К концу 1920-х - началу 1930-х годов понятие «бродяга» начало активно вытеснять «ивана». Слово «иван» постепенно становилось архаизмом. Хотя ещё в 1925 - 1927 нередко можно было услышать и «иван, не помнящий родства», и даже «иван с Волги» - мелкий уголовник, выдающий себя за «авторитета». Также бытовало и словечко «шиханЫ» - тоже в значении авторитетных, уважаемых уркаганов. Оно, видимо, осталось со времени, когда ещё не отошли в прошлое условные языки ремесленников и торговцев, в том числе и знаменитая «феня» коробейников-«офеней» (торговцев вразнос). Именно для этих языков был характерен особый способ шифровки, когда в обычном слове один слок (чаще всего первый) заменялся «условным» слогом. Так, к примеру, вместо «карман» появилось «ширман» (затем превратившийся в жаргонное обозначение кармана – «ширма»), вместо «острый» - «шустрый»" (это офенское словечко затем вошло в литературный язык) и т.д. Скорее всего, таким же образом возник и «Шихан» - зашифрованный «Иван». А вот позже слово «шиха» («шоха») стало обозначать холуя – «шестёрку»...

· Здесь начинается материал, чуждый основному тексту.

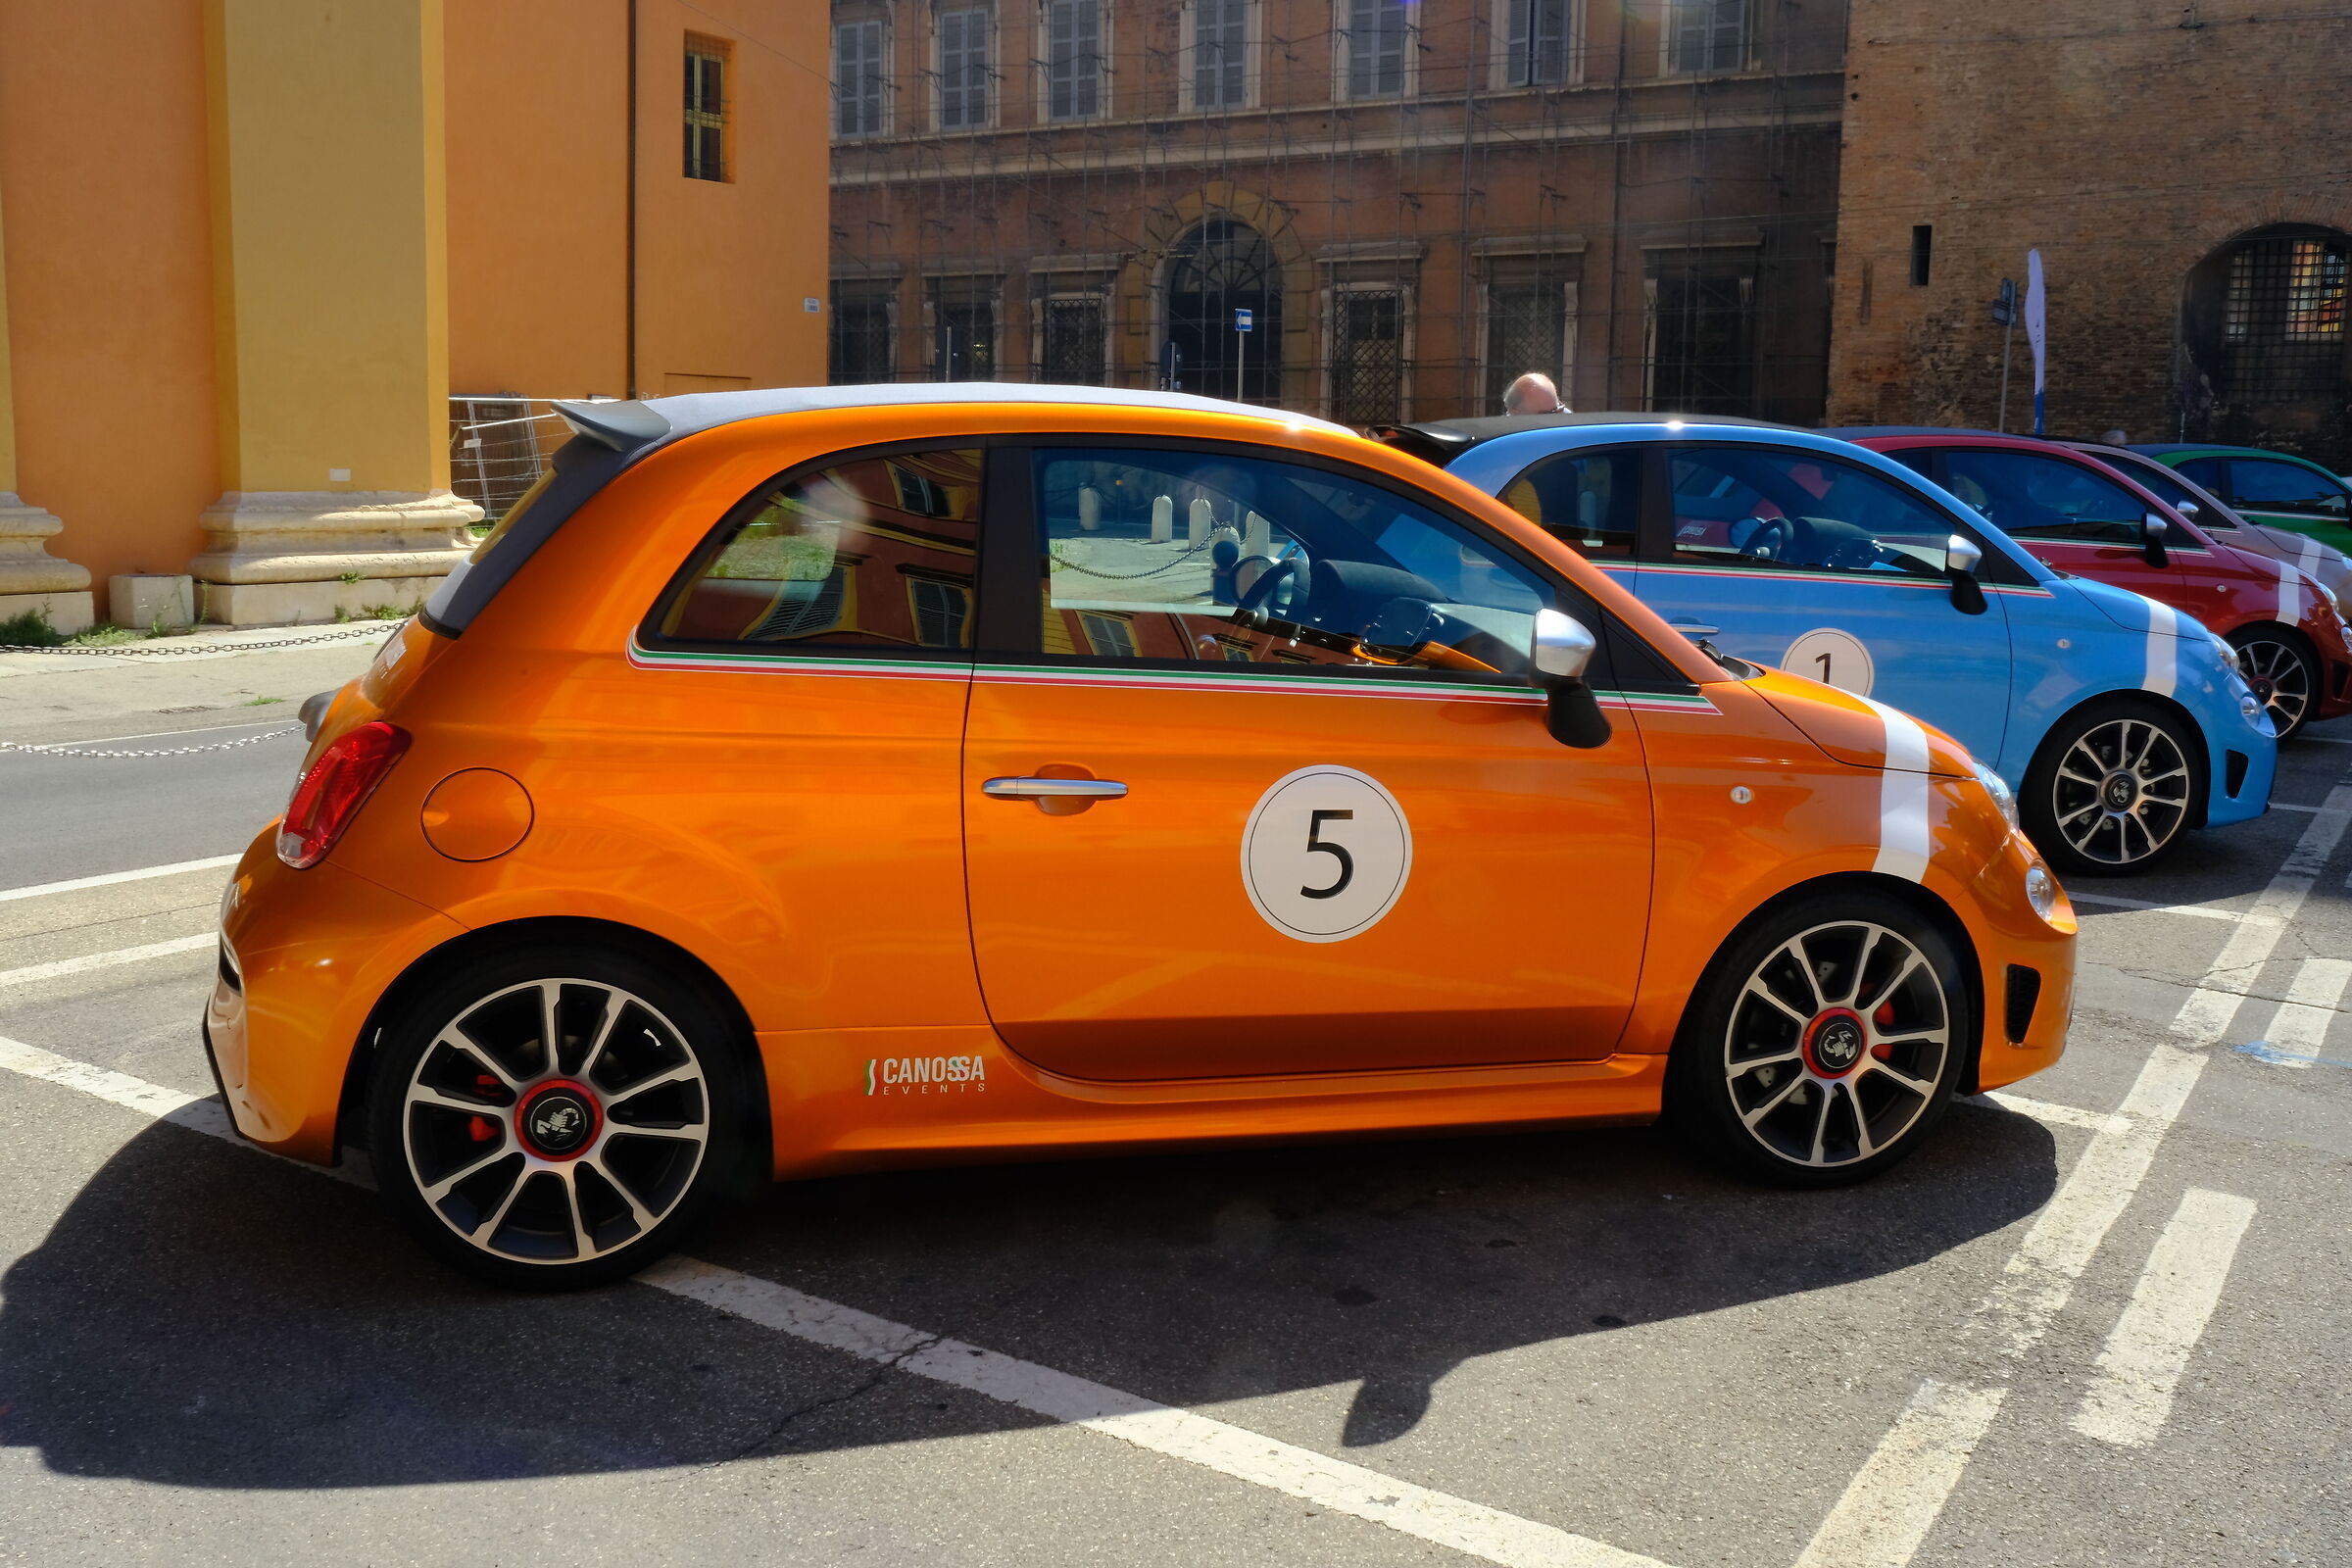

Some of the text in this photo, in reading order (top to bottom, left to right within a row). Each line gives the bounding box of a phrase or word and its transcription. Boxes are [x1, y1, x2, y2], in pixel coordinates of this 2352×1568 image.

Итак, «Иван» как уголовный вожак постепенно забывался. А вот бродяга» был для новой криминальной поросли ближе и понятнее. Сохранилось почётное определение «бродяга» по сей день в блатном жаргоне как положительная характеристика преступника и арестанта.
ЧТО КАСАЕТСЯ «ШПАНЫ» И «УРОК» - оба слова уходят корнями в далёкие времена царской каторги.
«Шпана» образовано от «шпанка» - так пренебрежительно звали на царской каторге общую масса арестантов («шпанка» у сибиряков - овечье стадо). Но затем слово потеряло негативный оттенок и стало обозначать «благородный преступный мир».
С «уркой» куда сложнее. Одни источники сообщают, что в XIX веке ссыльнокаторжных, которые днём выполняли тяжёлые работы на лесоповале или рудниках, называли «урочными каторжанами». Сокращенно — урка (ур-ка). Урочные каторжане отличались от бессрочных (сосланных навечно) тем, что могли отбыть наказание и вернуться туда, где раньше жили. Обычно такие уголовники после первого срока опять шли воровать и в очередной раз оказывались на каторге. С тех пор это значение слова закрепилось и стало использоваться для обозначения всех преступников-рецидивистов.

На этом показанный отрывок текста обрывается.